Il punto – per la Santa Sede – è che creare un nuovo modello economico ci vuole una propsettiva più umana, mentre “la crisi economico-finanziaria mondiale ha mostrato” quanto grave è la “deficienza della prospettiva” che “riduce l’uomo semplicemente a qualcuno dei suoi bisogni, ovvero, ai suoi consumi”. E ancora peggio – aggiunge – “gli esseri umani stessi sono tuttora considerati come beni di consumo, che possono essere usati e rigettati”.
La globalizzazione ha allargato i mercati, e così la catena alimentare è gestita a livello internazionale, tanto che “è impossibile identificare una singola origine nazionale di un prodotto finito”. Le produzioni a ridosso dei confini, così come gli investimenti, il commercio e l’occupazione sono cambiate moltissimo: la catene di produzione alimentare globale hanno giocato un ruolo importante nella crescita economica del settore.
Eppure, sia i salari che il tempo di lavoro “sono sempre considerati come un atto di compravendita tra il compratore e il fornitore”, riflettendo spesso che le differenti posizioni dei due partner, perché coloro che acquistano possono cambiare facilmente fornitore. E così “i salari sono variabili che si possono aggiustare al termine della catena di produzione” .
Nel ragionamento della Santa Sede, rientra anche il tema del cambiamento climatico, perché anche questo incide sul mondo del lavoro.
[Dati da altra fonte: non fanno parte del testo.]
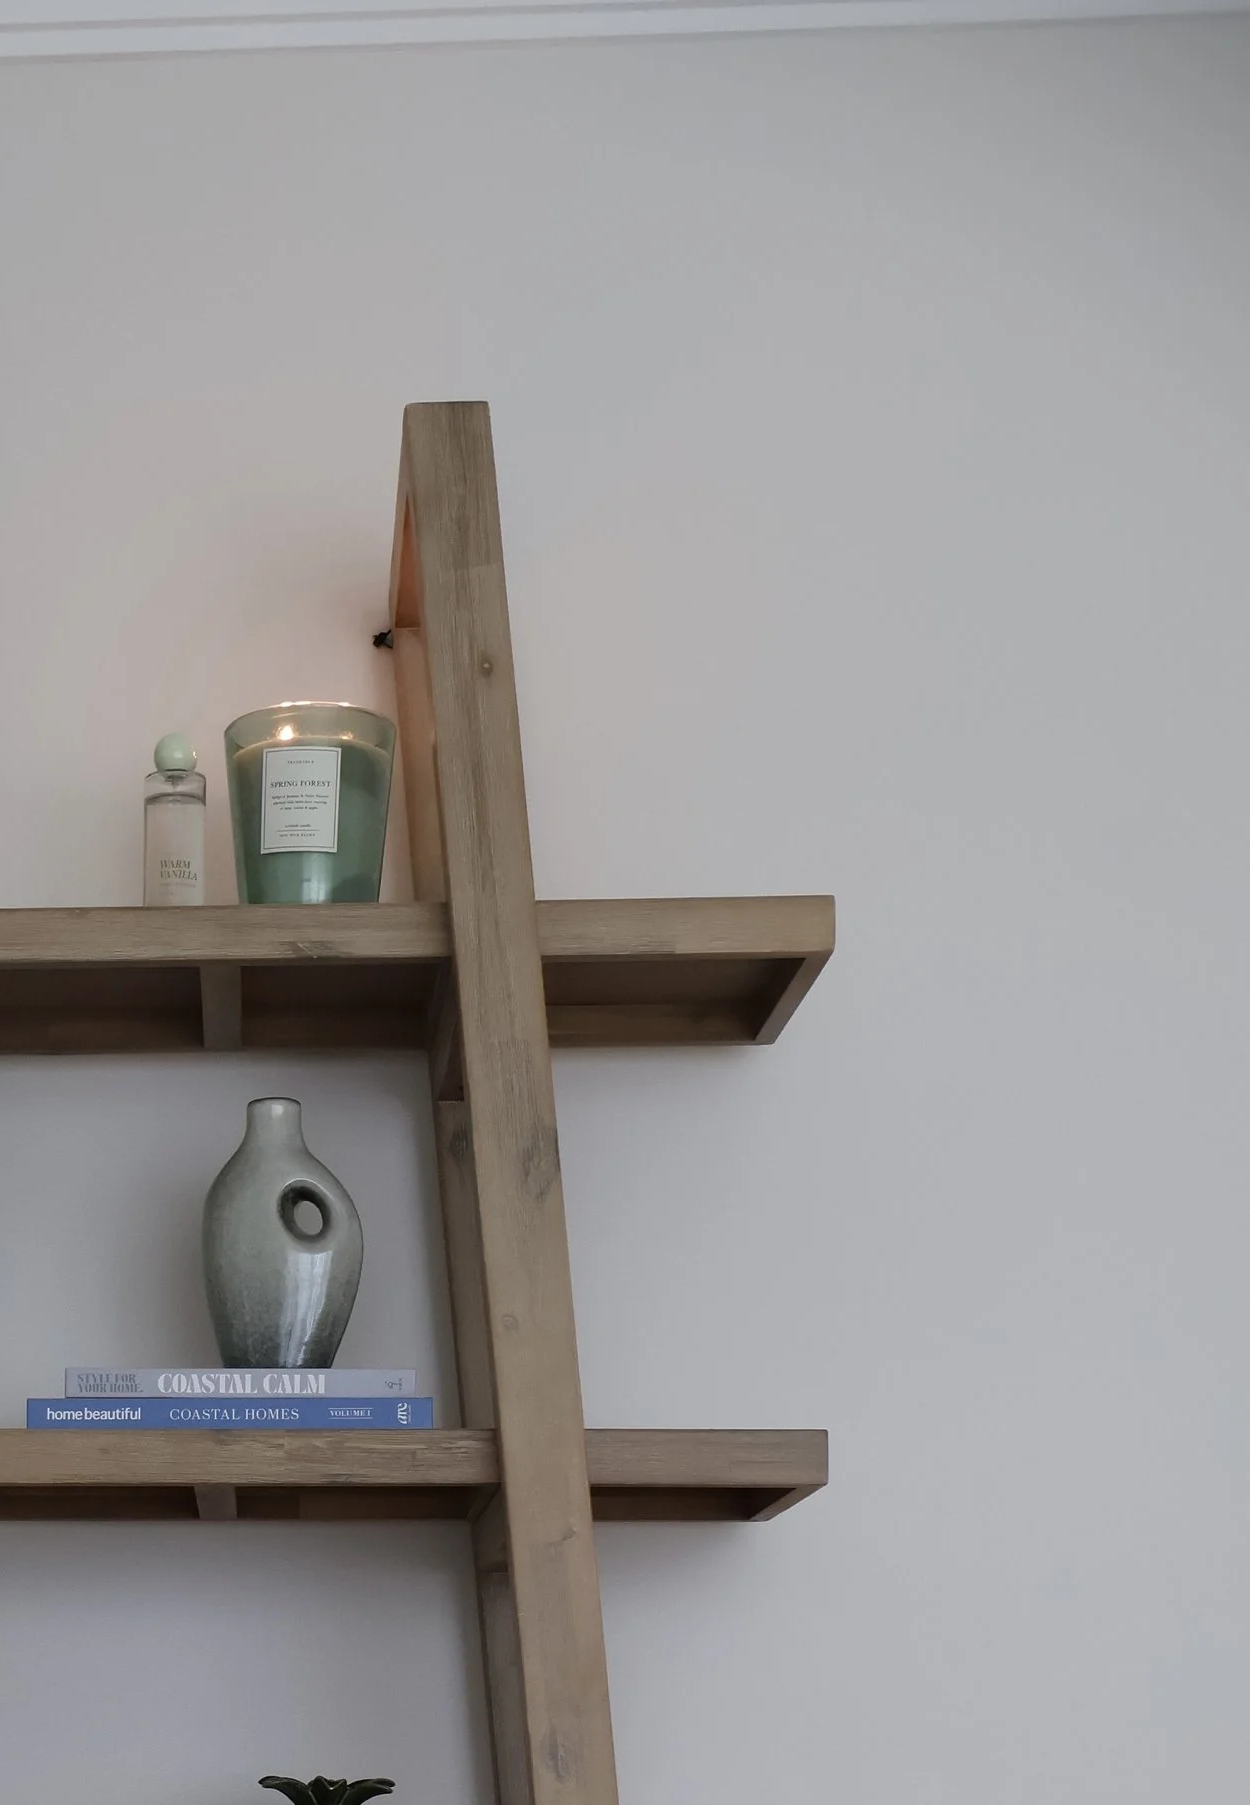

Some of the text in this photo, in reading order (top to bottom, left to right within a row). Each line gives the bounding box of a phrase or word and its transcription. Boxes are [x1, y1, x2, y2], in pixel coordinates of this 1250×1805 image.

Il cambiamento climatico – e la conseguente “crescita di disastri che avvengono all’improvisso o lentamente” – pongono “sfide grandi ai governi delle nazioni in via di sviluppo e delle nazioni sviluppate”, e alcune di queste sfide riguardano proprio infrastrutture che sappiano reggere ai cambiamenti climatici (cosiddette clima-resilienti). “Gli effetti del cambiamento climatico – afferma l’arcivescovo Jurkovic – stanno avendo impatti negativi sugli sviluppi sociali ed economici in generale e sulle imprese e i lavoratori in particolare”, perché “mettono in crisi gli affari, distruggono i posti di lavoro e minano le opportunità di profitto”.